Logo que saí para bater perna, fui direto ao Palácio de Cristal para tirar umas fotos, mas estava todo cheio de gente organizando algum evento. Fiquei curioso e fui perguntar. Para minha surpresa, cheguei bem na época da Bauernfest, a segunda maior festa alemã do Brasil (atrás da Oktoberfest, em Blumenau SC), que dura duas semanas, com dança, música, comida, apresentações diversas. Havia muitas barracas sendo instaladas e já me programei para dar uma passada mais à noite.

PALÁCIO DE CRISTAL

Palácio de Cristal

BAUERNFEST

Quando cheguei a Petrópolis, para minha surpresa eu não sabia que estava rolando a Bauernfest. A Bauernfest é considerada a segunda maior festa alemã do Brasil, atrás da Oktoberfest em Blumenau. E acontece onde fica o Palácio de Cristal.

A Festa do Colono Alemão ou Bauernfest é um festival que ocorre em homenagem aos imigrantes alemães anualmente no mês de junho no município de Petrópolis, região serrana do estado do Rio de Janeiro. A Bauernfest ocorre desde 1989 no centro da cidade e é considerada a maior festa de Petrópolis, do estado do RJ, e considerada uma das maiores do Brasil. A festa conta com ranchos folclóricos, bailões, corais, bandas tradicionais – como a Banda Musical Germânica de Blumenau, concurso de chope a metro, comidas típicas como salsicha, chucrute, bebidas, como cerveja, doces como chocolate, etc. Em 2012, participaram 368.000 pessoas que gastaram R$ 55 milhões em 11 dias de festa e foram consumidas 7,5 toneladas de salsichão e 35 mil litros de cerveja.

Apfelstrudel (Torta de maçã). Uma delícia.

CATEDRAL SÃO PEDRO DE ALCÂNTARA

Há um mausoléu na Catedral, onde se encontram os restos mortais de Dom Pedro II, e ao seu lado a sua esposa Imperatriz Tereza Cristina. Ao lado esquerdo do casal, encontra-se a princesa Isabel, sua filha, e a direita o Conde d´Eu marido da Princesa Isabel.

MUSEU IMPERIAL

O Museu Imperial, popularmente conhecido como Palácio Imperial, é um museu histórico-temático localizado no centro histórico da cidade de Petrópolis. (…) Está instalado no antigo Palácio de Verão do imperador brasileiro Dom Pedro II. O acervo do museu é constituído por peças ligadas à monarquia brasileira, incluindo mobiliário, documentos, obras de arte e objetos pessoais de integrantes da família imperial. (Wikipedia)
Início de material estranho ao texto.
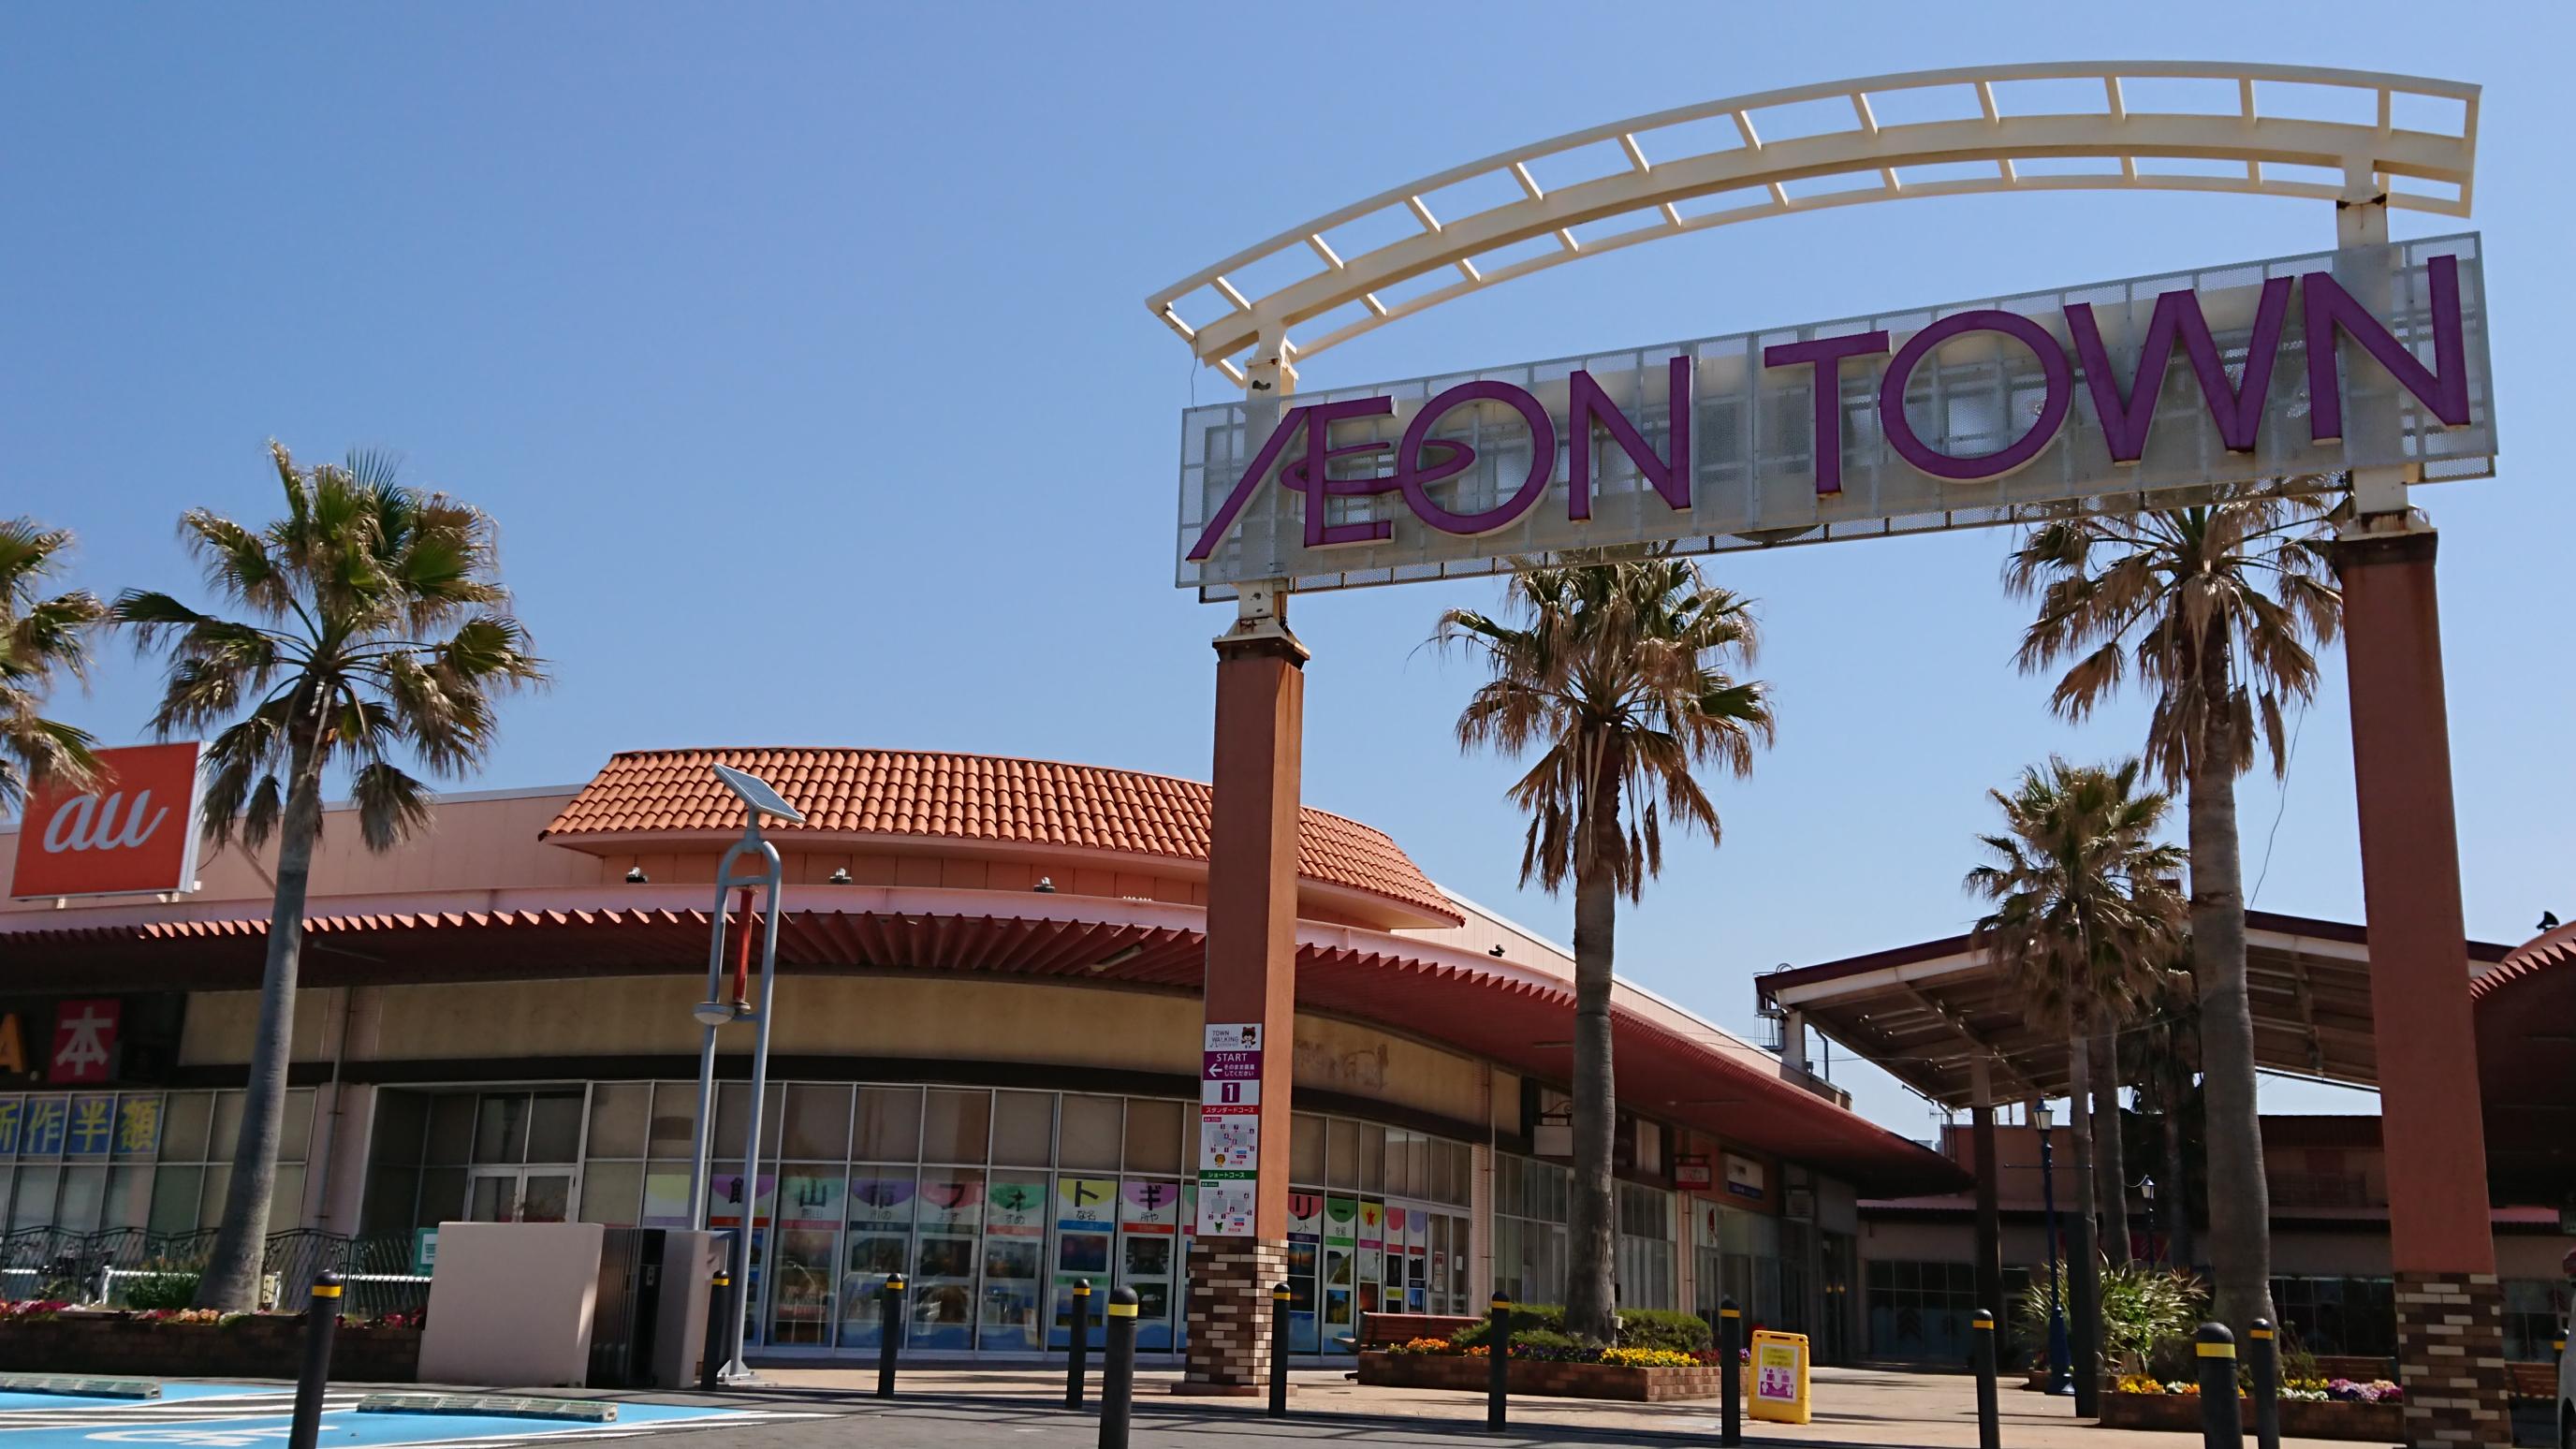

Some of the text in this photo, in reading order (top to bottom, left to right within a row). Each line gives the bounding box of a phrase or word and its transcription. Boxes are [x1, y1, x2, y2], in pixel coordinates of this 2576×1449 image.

Na parte de trás do museu, há um salão onde ficam expostas carruagens da época imperial, utilizadas pela família real.

RAMPA PARQUE SÃO VICENTE

Essa rampa dá acesso a uma vista muito bonita, com vista para a Baía de Guanabara. Há uma rampa para saltos de parapentes, suponho, e é bom chegar final da tarde para apreciar um por do sol maravilhoso. Para chegar é bem fácil, colocando no GPS não tem erro.

RESTAURANTE PRINCESA ISABEL

Um restaurante aconchegante. Procurei no mapa e vi que serviam fondue. O preço é razoável e é muito bem servido. O rodízio foi muito bom. Vale a pena.

CASTELO DE ITAIPAVA

A cidade de Itaipava fica a 18 km de Petrópolis. Então é pertinho fazer um bate-volta e passar o dia. Antes de ir, conferi alguns passeios para fazer na cidade, mas o que me interessou mais foi o castelo. Na rodovia, saindo da cidade, há também a fábrica da Itaipava.

O castelo é uma propriedade privada, utilizada para eventos, como casamentos, e até pouco tempo era fechado para visitação. Sorte que já está aberto para o público e é bem baratinho para entrar e conhecer as instalações. Disseram que é o único castelo medieval da América Latina.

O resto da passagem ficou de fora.